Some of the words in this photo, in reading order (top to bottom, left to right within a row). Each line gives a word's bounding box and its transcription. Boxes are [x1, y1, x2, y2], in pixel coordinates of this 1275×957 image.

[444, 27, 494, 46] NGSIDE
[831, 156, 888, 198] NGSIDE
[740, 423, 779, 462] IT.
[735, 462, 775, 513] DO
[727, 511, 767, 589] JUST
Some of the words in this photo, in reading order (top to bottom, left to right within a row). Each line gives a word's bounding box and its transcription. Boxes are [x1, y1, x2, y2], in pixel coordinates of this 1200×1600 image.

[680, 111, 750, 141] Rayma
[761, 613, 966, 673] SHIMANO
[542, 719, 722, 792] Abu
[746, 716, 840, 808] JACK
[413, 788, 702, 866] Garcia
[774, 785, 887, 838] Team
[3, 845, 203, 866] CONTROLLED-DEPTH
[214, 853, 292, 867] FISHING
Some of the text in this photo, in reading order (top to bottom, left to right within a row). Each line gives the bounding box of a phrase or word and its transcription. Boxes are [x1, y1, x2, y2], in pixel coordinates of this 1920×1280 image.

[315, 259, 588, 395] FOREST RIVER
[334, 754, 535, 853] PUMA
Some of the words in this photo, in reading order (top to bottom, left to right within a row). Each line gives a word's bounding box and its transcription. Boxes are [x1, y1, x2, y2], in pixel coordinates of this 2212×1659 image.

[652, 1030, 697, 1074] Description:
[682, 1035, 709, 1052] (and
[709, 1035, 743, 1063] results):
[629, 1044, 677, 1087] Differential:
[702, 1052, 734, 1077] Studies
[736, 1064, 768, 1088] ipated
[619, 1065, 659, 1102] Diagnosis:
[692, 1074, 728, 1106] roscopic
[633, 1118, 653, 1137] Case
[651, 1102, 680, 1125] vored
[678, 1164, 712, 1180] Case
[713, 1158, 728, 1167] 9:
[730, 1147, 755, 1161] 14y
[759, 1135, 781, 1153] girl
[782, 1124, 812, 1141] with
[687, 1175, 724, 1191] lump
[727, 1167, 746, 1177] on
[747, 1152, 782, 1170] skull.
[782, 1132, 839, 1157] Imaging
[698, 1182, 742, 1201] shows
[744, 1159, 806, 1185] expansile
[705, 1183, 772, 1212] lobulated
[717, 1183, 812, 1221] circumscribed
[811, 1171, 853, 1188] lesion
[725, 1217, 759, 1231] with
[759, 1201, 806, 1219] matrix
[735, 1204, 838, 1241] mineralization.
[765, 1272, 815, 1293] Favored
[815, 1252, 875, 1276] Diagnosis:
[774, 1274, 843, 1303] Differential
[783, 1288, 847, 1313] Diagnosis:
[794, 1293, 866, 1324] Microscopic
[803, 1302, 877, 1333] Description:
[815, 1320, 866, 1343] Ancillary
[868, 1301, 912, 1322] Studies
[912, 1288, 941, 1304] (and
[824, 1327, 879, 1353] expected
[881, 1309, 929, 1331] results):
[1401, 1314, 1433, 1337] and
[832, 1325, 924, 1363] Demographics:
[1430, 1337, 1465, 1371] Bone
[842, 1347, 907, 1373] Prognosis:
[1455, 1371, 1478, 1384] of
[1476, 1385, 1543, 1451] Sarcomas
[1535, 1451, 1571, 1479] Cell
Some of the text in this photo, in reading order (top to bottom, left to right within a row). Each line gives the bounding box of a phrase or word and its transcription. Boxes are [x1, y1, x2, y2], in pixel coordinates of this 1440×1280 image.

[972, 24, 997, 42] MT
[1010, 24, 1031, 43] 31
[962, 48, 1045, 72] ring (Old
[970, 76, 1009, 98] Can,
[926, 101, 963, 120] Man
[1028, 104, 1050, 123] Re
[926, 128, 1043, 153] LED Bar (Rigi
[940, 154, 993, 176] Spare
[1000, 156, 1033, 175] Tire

☆ ☆ ☆

Exercise brief –
This calls for repeating all of the records, character for character.

Answer to the problem –
Some of the words in this photo, in reading order (top to bottom, left to right within a row). Each line gives a word's bounding box and its transcription. Boxes are [x1, y1, x2, y2], in pixel coordinates of this 1275×957 image.

[444, 27, 494, 46] NGSIDE
[831, 156, 888, 198] NGSIDE
[740, 423, 779, 462] IT.
[735, 462, 775, 513] DO
[727, 511, 767, 589] JUST
Some of the words in this photo, in reading order (top to bottom, left to right within a row). Each line gives a word's bounding box and its transcription. Boxes are [x1, y1, x2, y2], in pixel coordinates of this 1200×1600 image.

[680, 111, 750, 141] Rayma
[761, 613, 966, 673] SHIMANO
[542, 719, 722, 792] Abu
[746, 716, 840, 808] JACK
[413, 788, 702, 866] Garcia
[774, 785, 887, 838] Team
[3, 845, 203, 866] CONTROLLED-DEPTH
[214, 853, 292, 867] FISHING
Some of the text in this photo, in reading order (top to bottom, left to right within a row). Each line gives the bounding box of a phrase or word and its transcription. Boxes are [x1, y1, x2, y2], in pixel coordinates of this 1920×1280 image.

[315, 259, 588, 395] FOREST RIVER
[334, 754, 535, 853] PUMA
Some of the words in this photo, in reading order (top to bottom, left to right within a row). Each line gives a word's bounding box and its transcription. Boxes are [x1, y1, x2, y2], in pixel coordinates of this 2212×1659 image.

[652, 1030, 697, 1074] Description:
[682, 1035, 709, 1052] (and
[709, 1035, 743, 1063] results):
[629, 1044, 677, 1087] Differential:
[702, 1052, 734, 1077] Studies
[736, 1064, 768, 1088] ipated
[619, 1065, 659, 1102] Diagnosis:
[692, 1074, 728, 1106] roscopic
[633, 1118, 653, 1137] Case
[651, 1102, 680, 1125] vored
[678, 1164, 712, 1180] Case
[713, 1158, 728, 1167] 9:
[730, 1147, 755, 1161] 14y
[759, 1135, 781, 1153] girl
[782, 1124, 812, 1141] with
[687, 1175, 724, 1191] lump
[727, 1167, 746, 1177] on
[747, 1152, 782, 1170] skull.
[782, 1132, 839, 1157] Imaging
[698, 1182, 742, 1201] shows
[744, 1159, 806, 1185] expansile
[705, 1183, 772, 1212] lobulated
[717, 1183, 812, 1221] circumscribed
[811, 1171, 853, 1188] lesion
[725, 1217, 759, 1231] with
[759, 1201, 806, 1219] matrix
[735, 1204, 838, 1241] mineralization.
[765, 1272, 815, 1293] Favored
[815, 1252, 875, 1276] Diagnosis:
[774, 1274, 843, 1303] Differential
[783, 1288, 847, 1313] Diagnosis:
[794, 1293, 866, 1324] Microscopic
[803, 1302, 877, 1333] Description:
[815, 1320, 866, 1343] Ancillary
[868, 1301, 912, 1322] Studies
[912, 1288, 941, 1304] (and
[824, 1327, 879, 1353] expected
[881, 1309, 929, 1331] results):
[1401, 1314, 1433, 1337] and
[832, 1325, 924, 1363] Demographics:
[1430, 1337, 1465, 1371] Bone
[842, 1347, 907, 1373] Prognosis:
[1455, 1371, 1478, 1384] of
[1476, 1385, 1543, 1451] Sarcomas
[1535, 1451, 1571, 1479] Cell
Some of the text in this photo, in reading order (top to bottom, left to right within a row). Each line gives the bounding box of a phrase or word and its transcription. Boxes are [x1, y1, x2, y2], in pixel coordinates of this 1440×1280 image.

[972, 24, 997, 42] MT
[1010, 24, 1031, 43] 31
[962, 48, 1045, 72] ring (Old
[970, 76, 1009, 98] Can,
[926, 101, 963, 120] Man
[1028, 104, 1050, 123] Re
[926, 128, 1043, 153] LED Bar (Rigi
[940, 154, 993, 176] Spare
[1000, 156, 1033, 175] Tire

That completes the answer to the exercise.